I plan to soon get another book review up followed by an interview, and another one is already planned for early May as part of a blog tour. So, if you enjoy those then please keep checking back.

I’m trying to keep up between times spent with my dad, but not doing as well as I would like in the other things. Hopefully, I will improve. My time management skills are severely lacking.

So, how are you spending the Easter weekend?

And on the topic of time management, how do you pull it all together?

Thanks for reading, and … Creative Musings!  🙂

We have a winner! (Snow Day)

Tonight one of you became a winner of  a copy of Snow Day by Billy Coffey.  You were entered into the contest if you left a comment on this post: https://lynnadavidson.wordpress.com/2011/03/25/interview-with-billy-coffey-book-giveaway/

Shortly after 9:00 this evening, that’s 8:00 EST, my dear husband drew a name out of the basket and I have sent the winner an email requesting her mailing address.   When she has replied then I will post her name so that everyone knows who won and the book will be mailed to her.
So, check your emails, everyone!  Is it you?

Thanks for participating, and … Creative Musings!  :)

Have you come full circle yet?

Do you ever feel that life is taking off without you? That you can’t keep up with all that is in your line of vision? It is times like those that I realize I could not hold up without the strength the Lord gives me.

I am delighted that our youngest daughter moved home in March, and so is her little dog – as much as a dog can be delighted. 🙂 Now she is job searching so that she can get herself established again. Having her home will be helpful.
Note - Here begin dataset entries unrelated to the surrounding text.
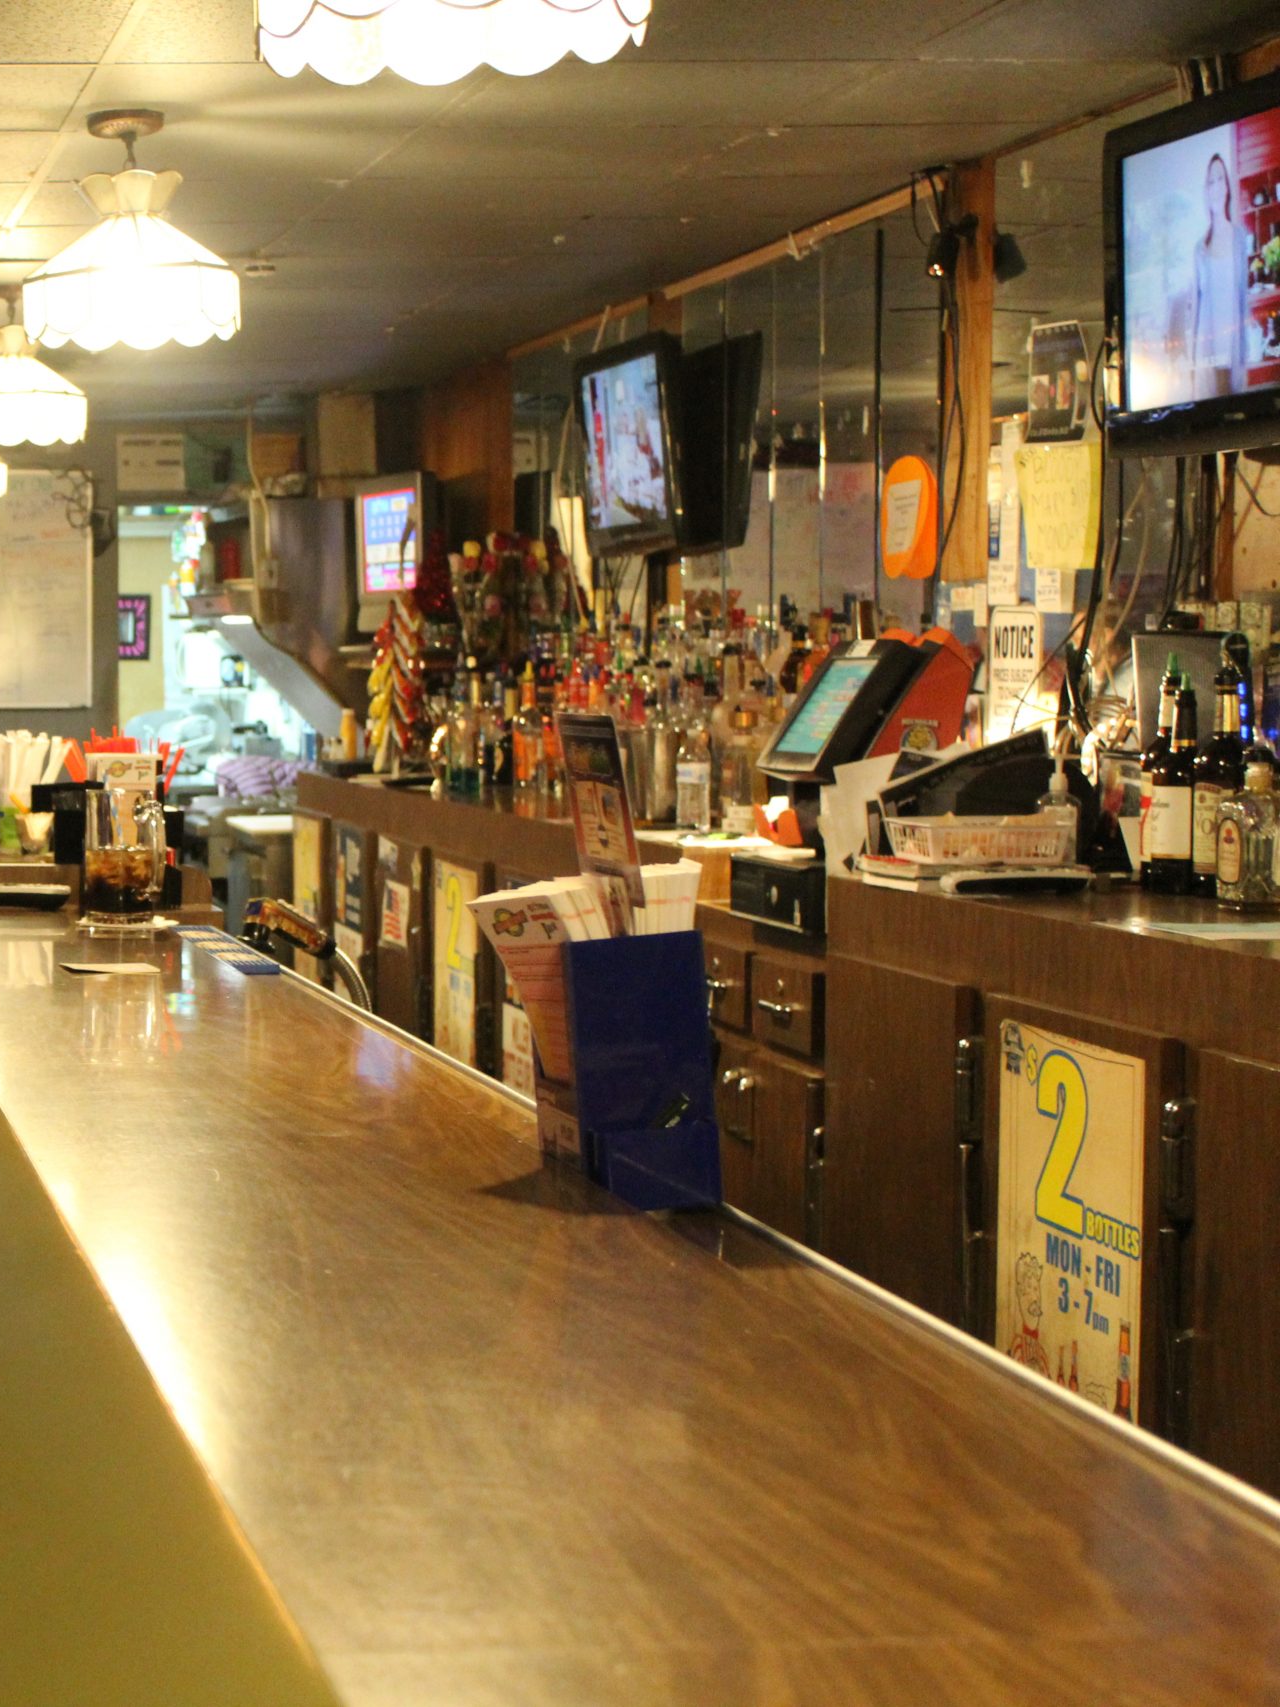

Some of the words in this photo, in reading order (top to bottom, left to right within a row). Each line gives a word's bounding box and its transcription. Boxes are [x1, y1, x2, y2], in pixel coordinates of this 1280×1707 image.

[994, 625, 1034, 659] NOTICE
[1085, 1207, 1140, 1260] BOTTLES
[1046, 1232, 1081, 1278] MON
[1095, 1254, 1120, 1297] FRI
[1058, 1277, 1069, 1314] 3
What is upcoming for us as a family is that we have come full circle, my husband and I. Several years ago, my sister and I lived with our parents again for the last month of our mother’s life when she was dying of cancer.  We each moved back into our old rooms which allowed us to be there to spend time with Mum and minister to her however we could, and to support our father. (My sister’s husband would bring their baby some days, and each evening I would go home to have supper with my family and put our youngest to bed before going back to my parents’.) This month my sister and I will be starting a rotation of living with Dad, alternating weeks for as long as is manageable. We will be companions to Dad more than caregivers in the way it is most understood. This time it is a sacrifice that will affect our own households for an indefinite length of time, but it is the only right decision at this time as he needs someone there with him. We don’t live far from him anyway, but it is time to do this. And Dad won’t be overwhelmed by us — 🙂  — because we won’t both be there all the time, but taking turns week by week.
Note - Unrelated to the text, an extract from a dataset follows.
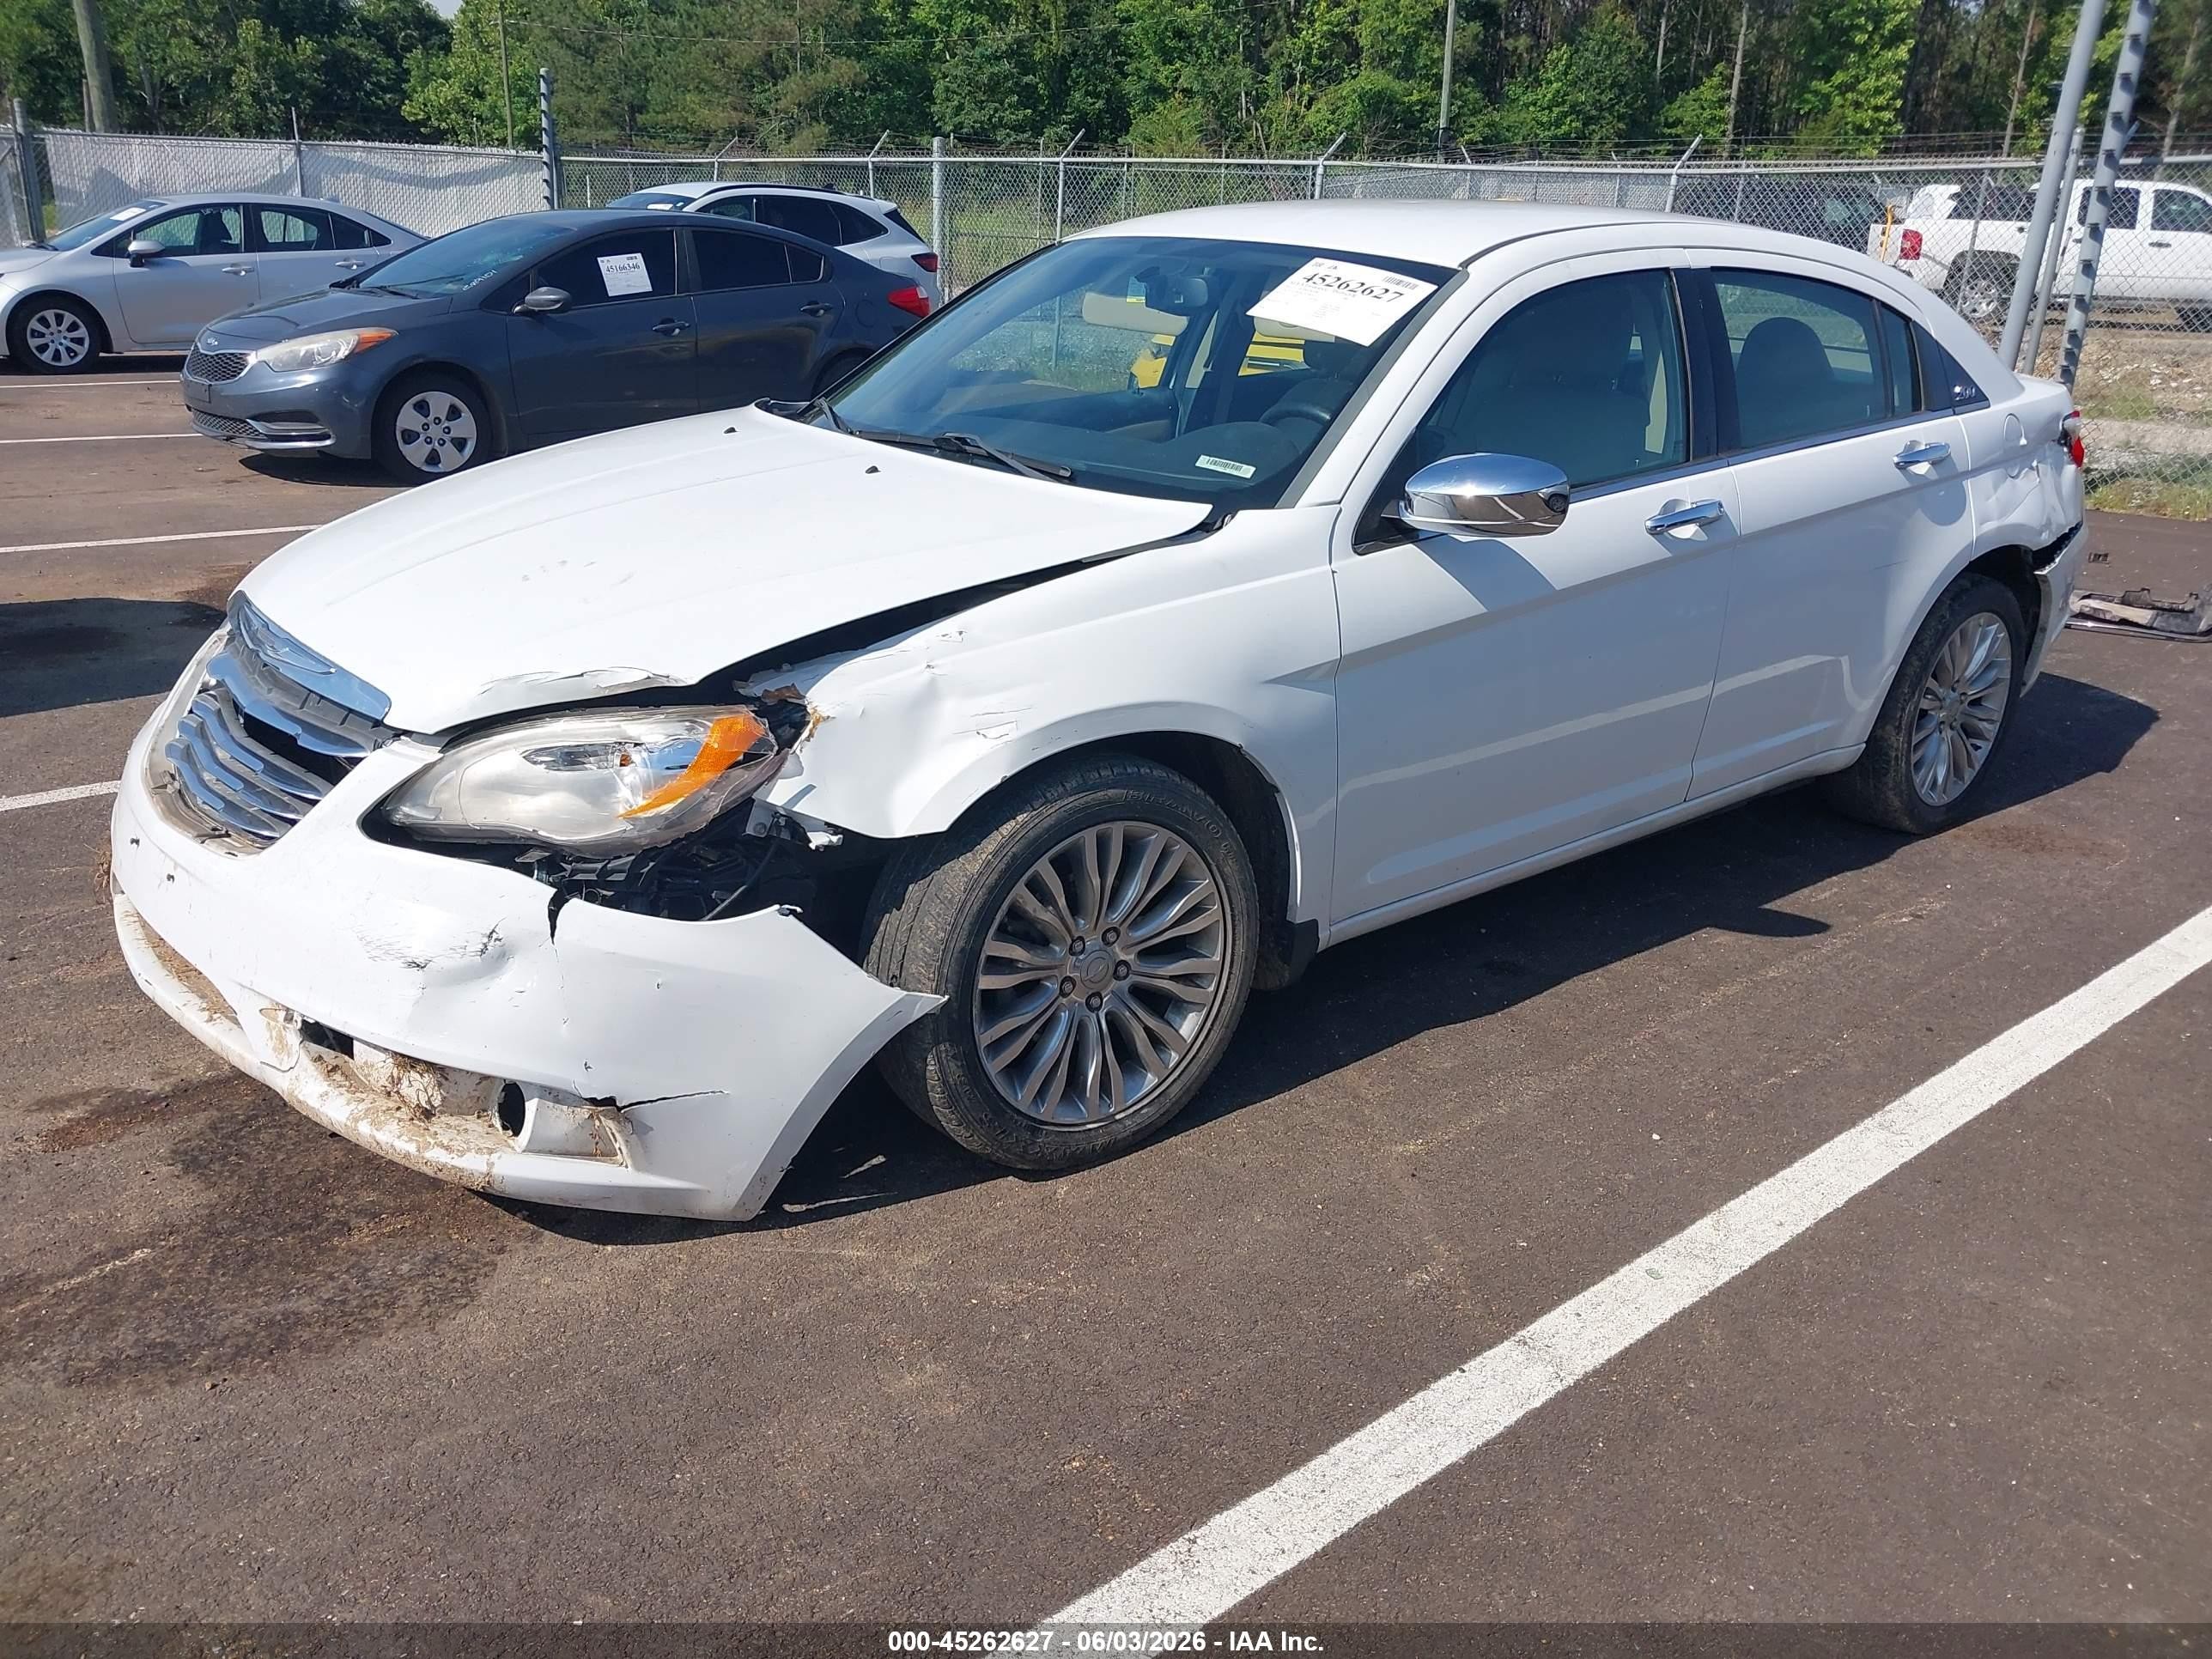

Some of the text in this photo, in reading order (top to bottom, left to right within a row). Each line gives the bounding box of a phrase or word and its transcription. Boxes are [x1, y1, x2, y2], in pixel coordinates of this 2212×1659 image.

To be honest with you, in considering all this it is something that I want to do and do not want to do. Even though I want to be there for my elderly father, I know it is going to change my own life, marriage, home. I will do this, though, because my family supports me in it and I love my dad – otherwise it would be nearly impossible. Do you know the feeling? It will be a good challenge, very important to our relationship and with fun potential. 🙂

During our quiet evenings, since Dad is still able to enjoy his own reading time, I plan to read more books, prepare more book reviews, and finish writing my novel and picture books. Then the weeks I am home I can post to my blog and catch up wherever else I have fallen behind.
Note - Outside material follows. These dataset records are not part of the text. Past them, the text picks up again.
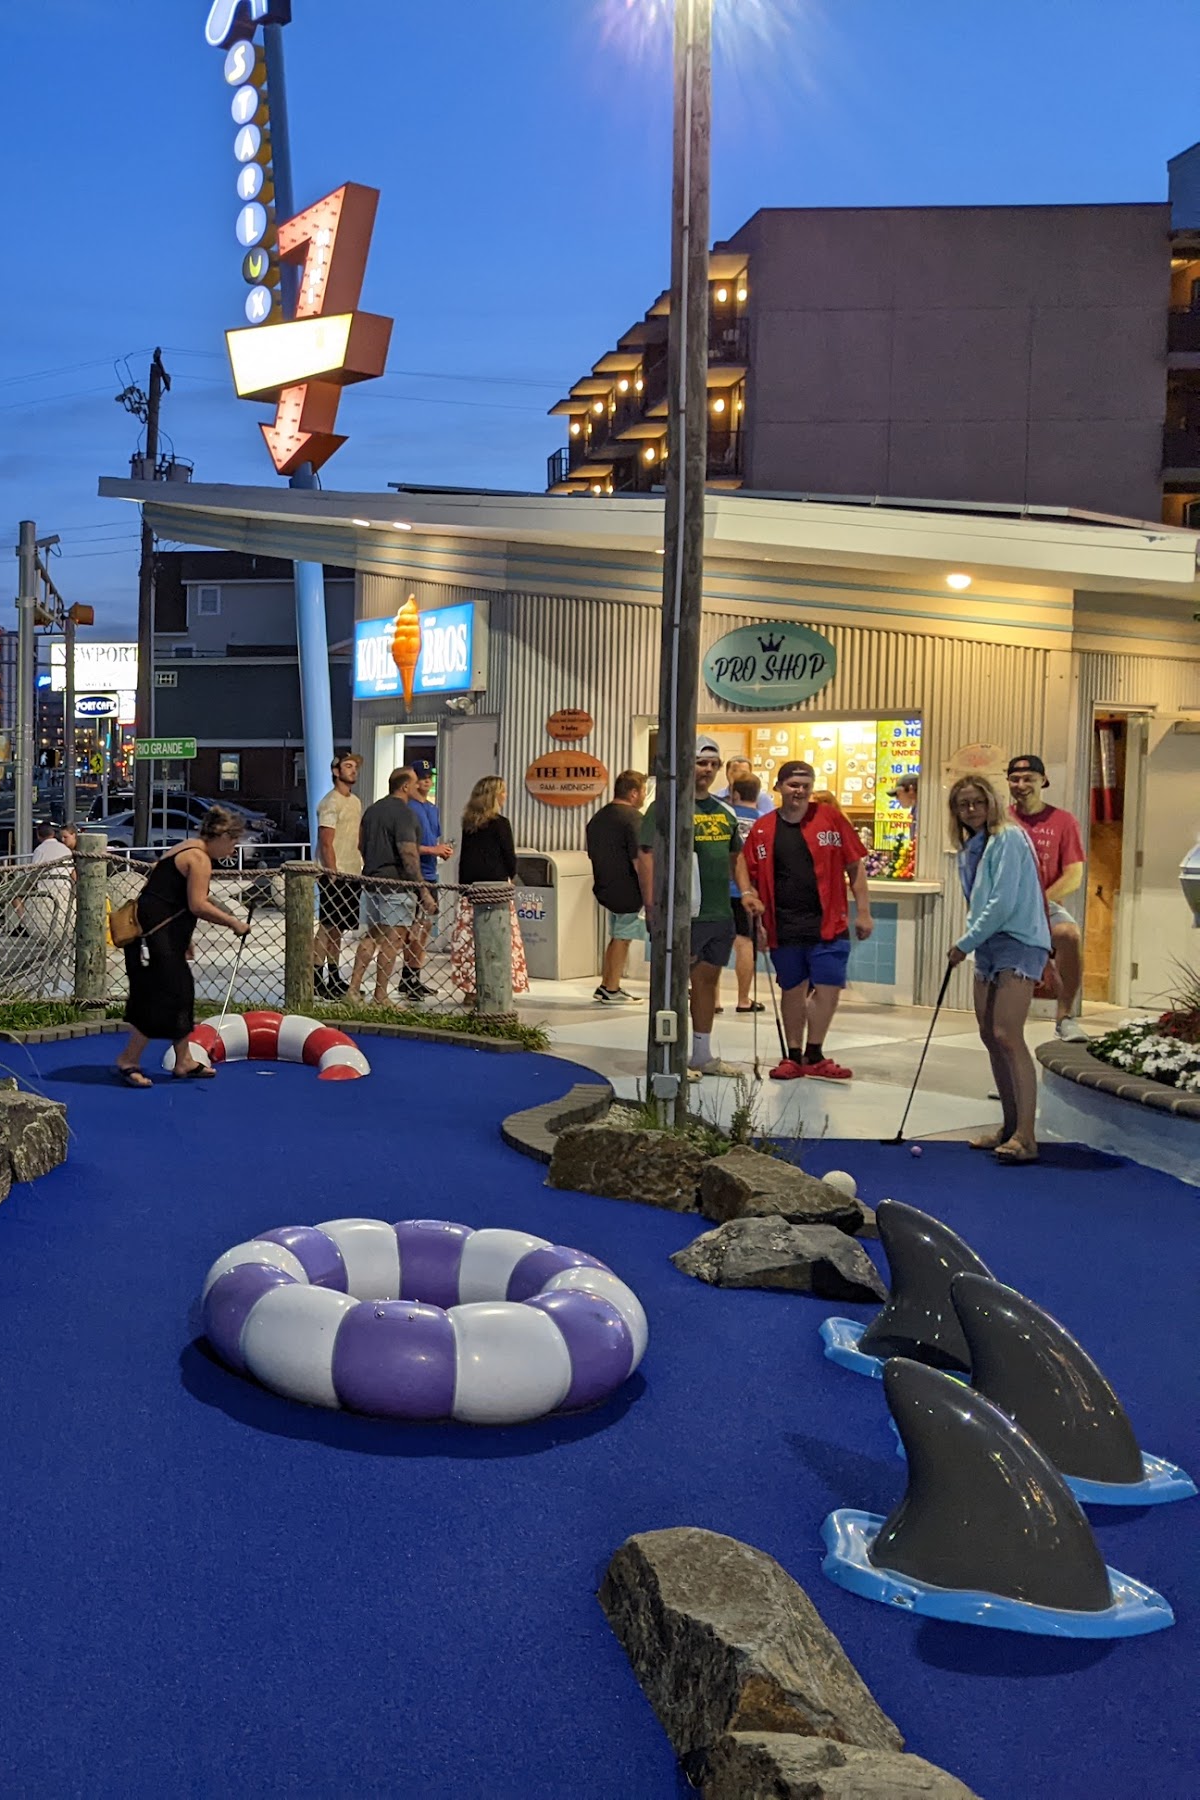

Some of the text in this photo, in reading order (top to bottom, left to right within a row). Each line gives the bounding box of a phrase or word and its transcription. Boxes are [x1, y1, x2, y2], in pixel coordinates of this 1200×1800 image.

[228, 44, 265, 320] STARLUX
[308, 228, 330, 305] MINI
[715, 653, 825, 683] PRO SHOP
[893, 728, 902, 737] 9
[136, 743, 150, 754] RIO
[150, 742, 183, 754] GRANDE
[891, 740, 907, 748] YRS
[422, 760, 431, 770] B
[891, 764, 903, 774] 18
[535, 766, 602, 778] TEE TIME
[560, 783, 595, 791] MIDNIGHT
[1032, 827, 1055, 836] CALL
[816, 830, 842, 847] SOX
[1037, 839, 1050, 847] ME
[517, 909, 546, 920] GOLF
Yes, that is the plan. A good plan. A reasonable plan. I’ll soon find out how well it works.

Have you come full circle yet, becoming the caregiver for the one who cared for you?

Maybe you are caregiver for someone else you love, or are available to give someone else a break? (Being a caregiver can be very stressful and exhausting, so if you are considering helping someone who does this, I’m sure they would appreciate a few hours for themselves each week.)

I’m very interested in hearing your stories.